However, despite the allure of the star-studded affair set to head back to its rightful place at the famed Dolby Theatre in Hollywood, California, on Sunday, the 2022 Oscars hasn’t been without controversy as it struggles to find its footing amid a landscaper of ever-changing viewing habits and dismal ratings in recent years. Now, an expert is weighing in on if this is the end of the era for Tinseltown’s biggest night.
In order to mitigate a ratings’ lull, the Academy has said that it plans on eliminating eight of its honors from the show in an effort to streamline the floundering telecast and that the awards would be presented off-air and then edited into the program itself.
“This year, those categories presented in the evening’s first hour and seen later in the live broadcast are, alphabetically: Documentary (Short Subject), Film Editing, Makeup and Hairstyling, Music (Original Score), Production Design, Short Film (Animated), Short Film (Live Action), and Sound,” Academy of Motion Picture Arts and Sciences president David Rubin wrote in an open letter to Academy members last month.

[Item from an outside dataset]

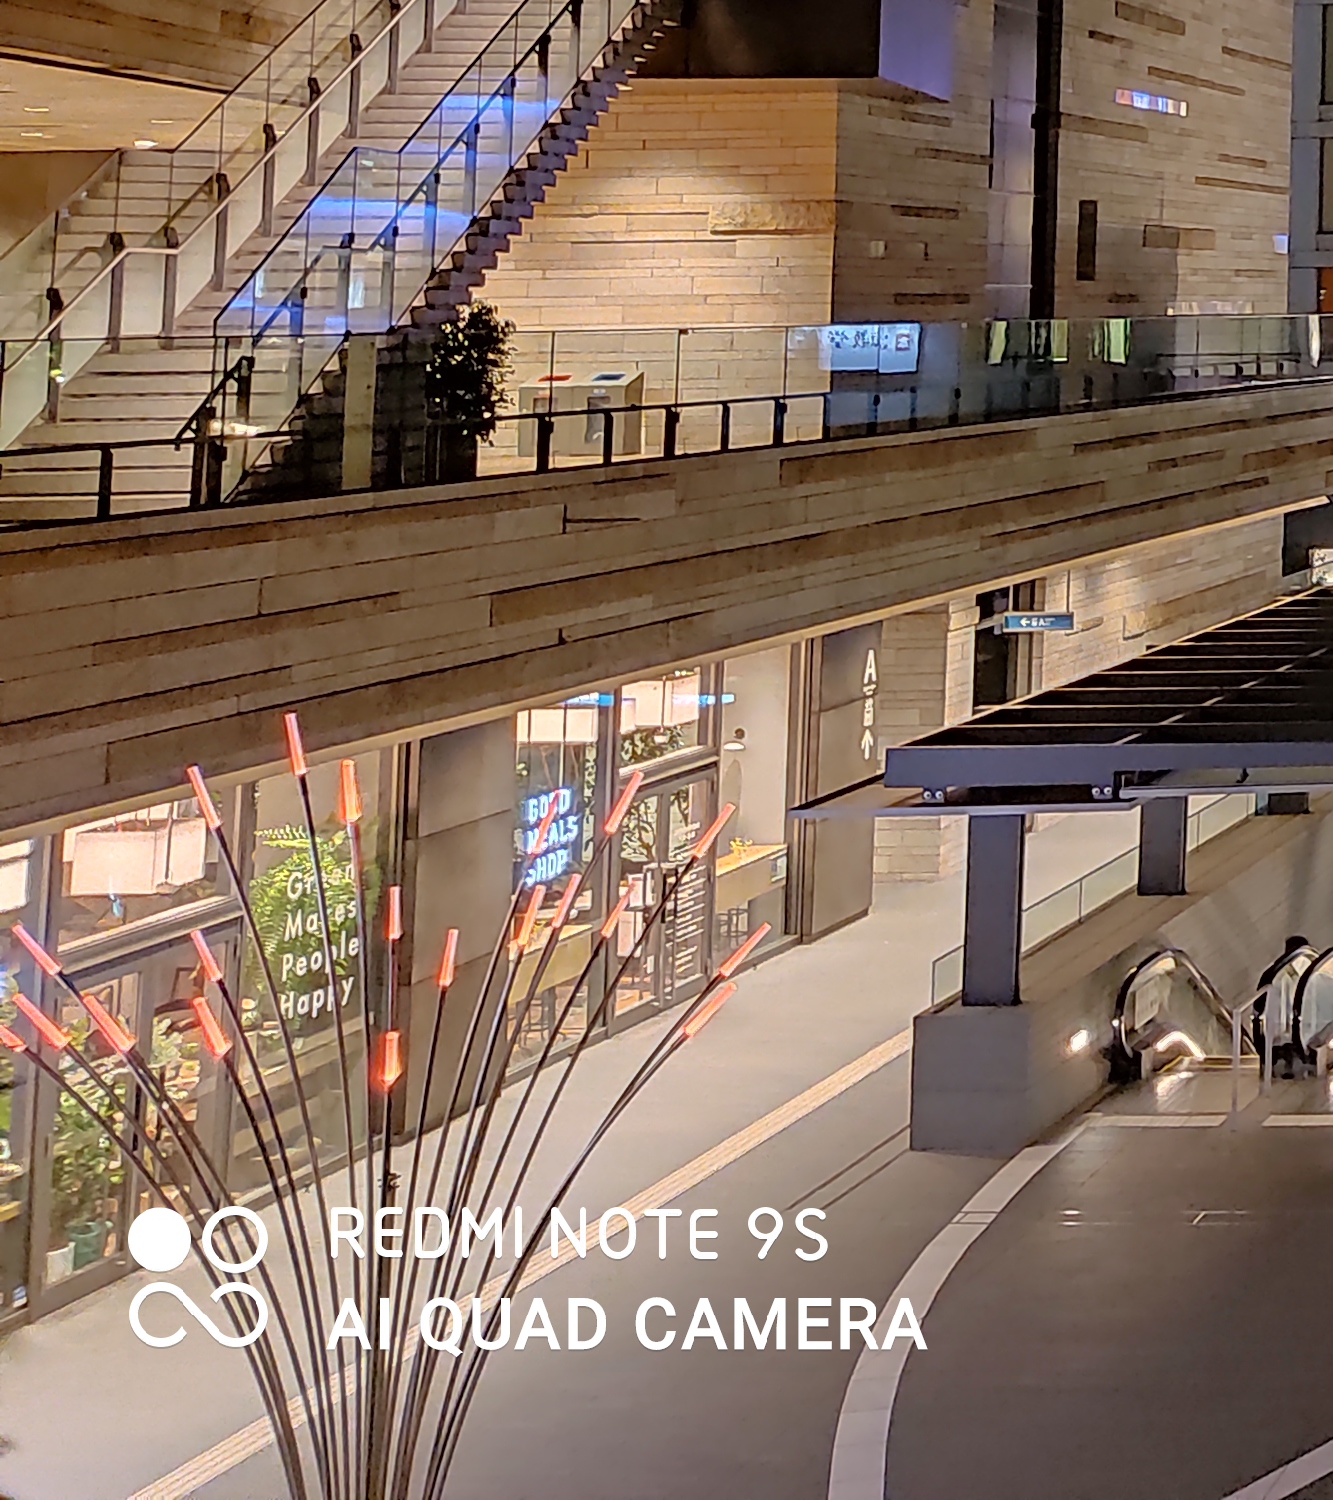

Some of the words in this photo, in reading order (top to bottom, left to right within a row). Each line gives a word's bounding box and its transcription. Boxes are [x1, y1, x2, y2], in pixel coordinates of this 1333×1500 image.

The decision has sparked backlash across the industry with actor Dylan O’Brien, tweeting: “Wow f— this,” in response to the news.
Even beforehand, celebrities like actor and comedian Seth Rogen noted to Variety that he doesn’t get “why movie people care so much [about the Oscars] if other people care what awards we give ourselves.”

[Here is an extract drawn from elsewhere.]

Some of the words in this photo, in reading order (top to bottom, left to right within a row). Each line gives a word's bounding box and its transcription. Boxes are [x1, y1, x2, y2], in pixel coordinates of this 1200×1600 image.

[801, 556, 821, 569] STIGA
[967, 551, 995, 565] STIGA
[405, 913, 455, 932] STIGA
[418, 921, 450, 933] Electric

Entertainment and IP attorney Tom Lallas — who represented the late comic book and Marvel legend Stan Lee before his death in 2018 — spoke to Fox News Digital, explaining what he believes is the “real problem” as it pertains to the Academy Awards show itself.
“ABC controls a television product that has ratings that have fallen off a cliff,” he said, explaining that in 1998 when James Cameron was the Oscars’ star attraction with “Titanic,” there were 57.25 million viewers. Last year in 2021, there were 9.85 million viewers — a whopping one-sixth, as many as there were barely 20 years ago.
In this handout photo provided by A.M.P.A.S. Leonardo DiCaprio, Brie Larson, Brad Pitt, Kathy Bates and Mahershala Ali sit in the audience during the 92nd Annual Academy Awards at the Dolby Theatre on Feb. 9, 2020 in Hollywood, California.
(Photo by Richard Harbaugh – Handout/A.M.P.A.S. via Getty Images)
“Now, we have to be brain-dead, not to take into consideration the real-world consequence of COVID,” said Lallas. “As recently as [2019], there were 29.6 million viewers, so that was three times what it was last year, and that’s a reflection of the fact that people were still going to movies. In 2020, at the very front end of COVID, there were twice as many as last year, which was [23.6] million [viewers]. So COVID has had a really dramatic catastrophic consequence on the movie-going public, and that trickles down to the broadcast that ABC televises.”
Benedict Cumberbatch, Kirsten Dunst, and Kodi Smit-McPhee attend "The Power Of The Dog" screening at the Paris Theater on October 02, 2021, in New York City. The Jane Campion-directed film is nominated for 12 Academy Awards.
Just 10 years ago in 2011, the Academy Awards broadcast achieved 37.6 million viewers, and Lallas believes the film world is currently seeing a collateral effect of an even bigger problem, which is a change in viewership of movies in totality.
“Ask yourself now whether because of COVID or otherwise, would you rather pay $40 or $50 to go to a public movie theater or would you rather see streaming movies on your flat-screen television in your screening room, at your home for a fraction of that price?” he inquired, adding, “I think that the excluded eight have been scapegoated for a problem not of their making. It is a tacit implicit, if not explicit, manifestation of changing tastes in America.”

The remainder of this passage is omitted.